Supplied data: Begin

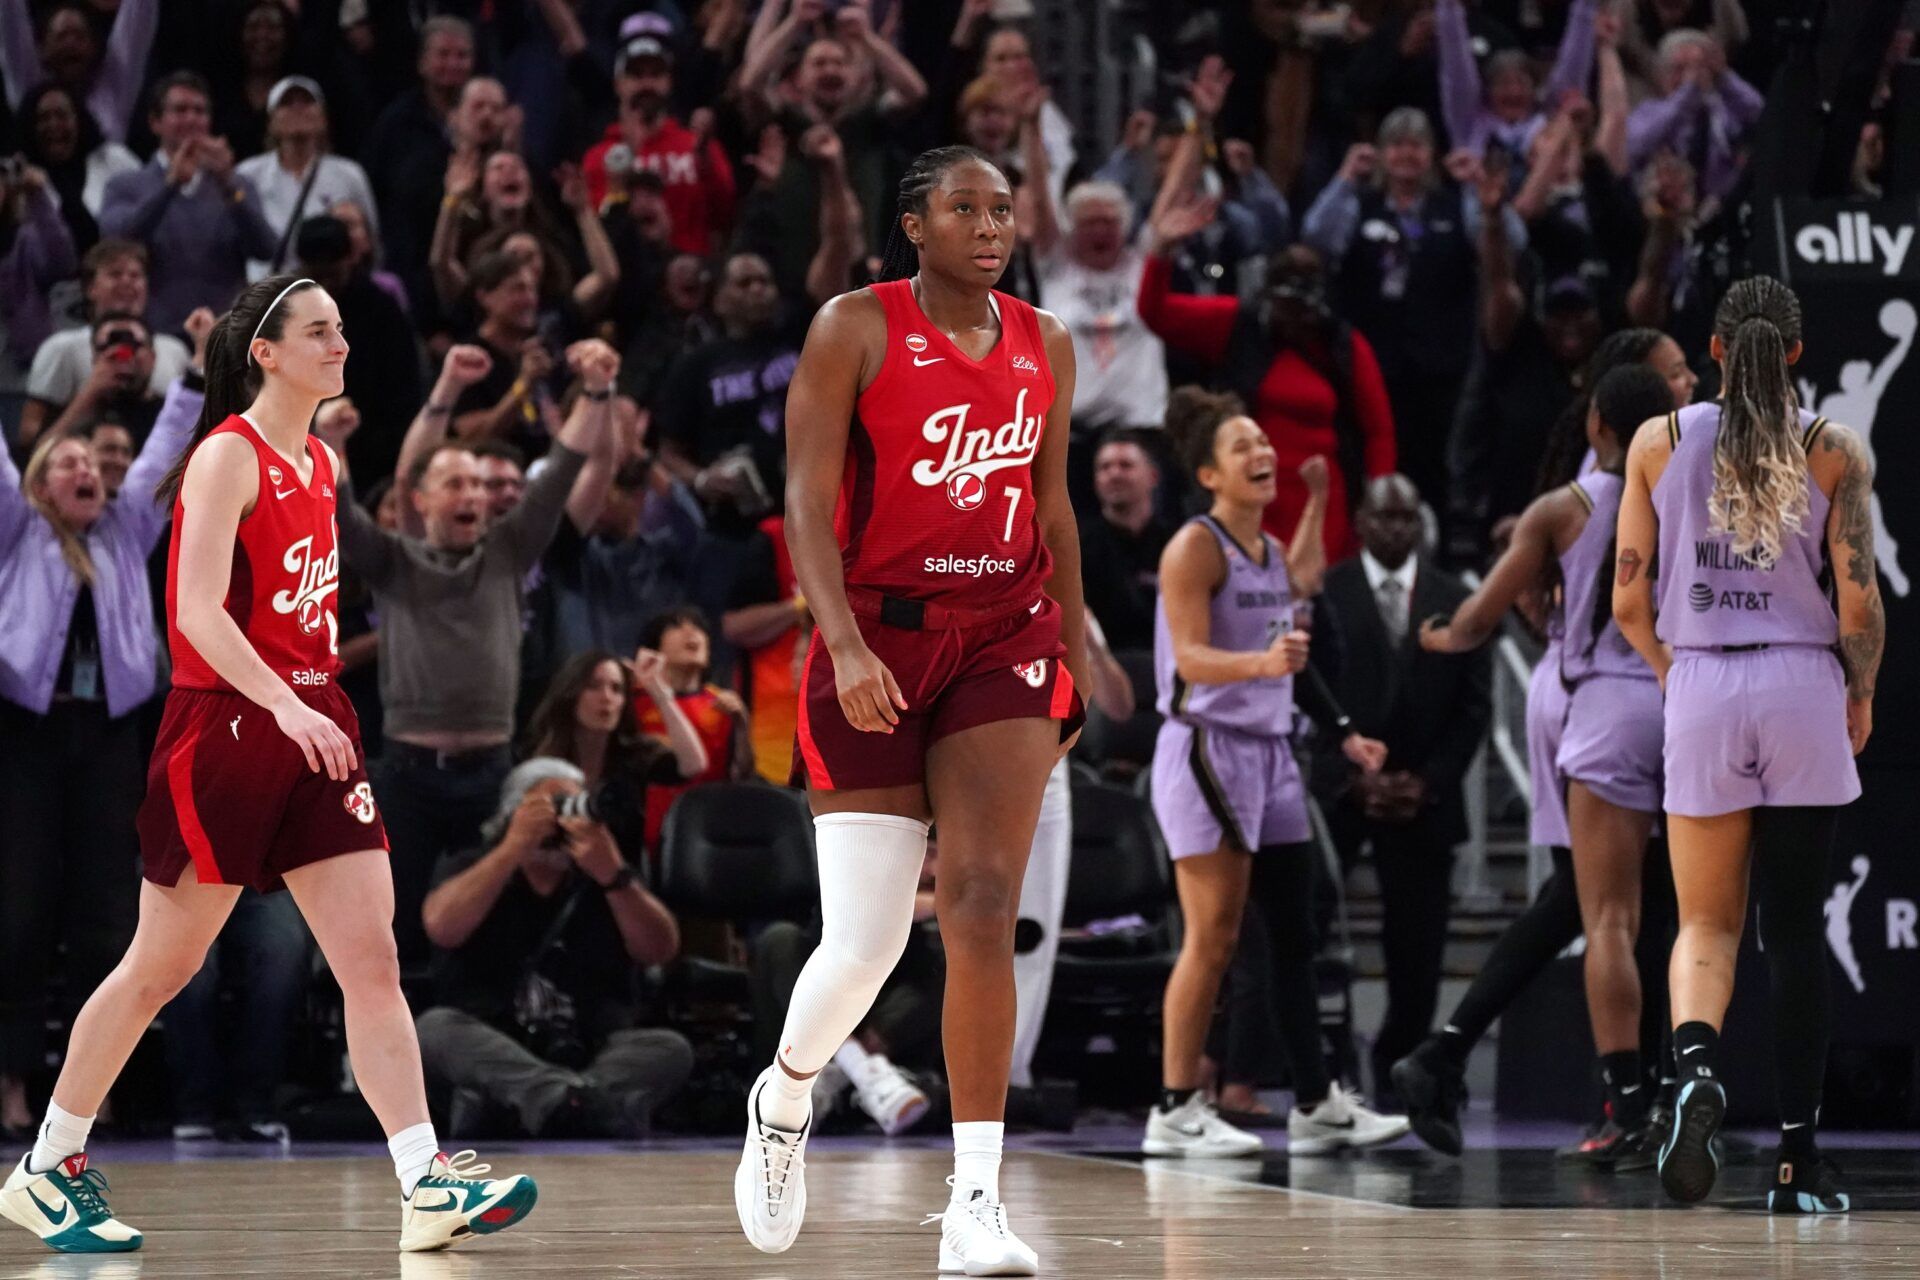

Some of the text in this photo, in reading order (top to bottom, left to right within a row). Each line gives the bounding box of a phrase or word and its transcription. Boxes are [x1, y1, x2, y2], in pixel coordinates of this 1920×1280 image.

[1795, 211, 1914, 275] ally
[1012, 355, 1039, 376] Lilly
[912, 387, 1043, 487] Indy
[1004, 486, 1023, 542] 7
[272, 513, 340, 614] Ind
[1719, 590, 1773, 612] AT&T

Supplied data: End

Your goal:
The reply should repeat the data in full, exactly as given, and contain no pictures.

Reply:
Some of the text in this photo, in reading order (top to bottom, left to right within a row). Each line gives the bounding box of a phrase or word and its transcription. Boxes are [x1, y1, x2, y2], in pixel coordinates of this 1920×1280 image.

[1795, 211, 1914, 275] ally
[1012, 355, 1039, 376] Lilly
[912, 387, 1043, 487] Indy
[1004, 486, 1023, 542] 7
[272, 513, 340, 614] Ind
[1719, 590, 1773, 612] AT&T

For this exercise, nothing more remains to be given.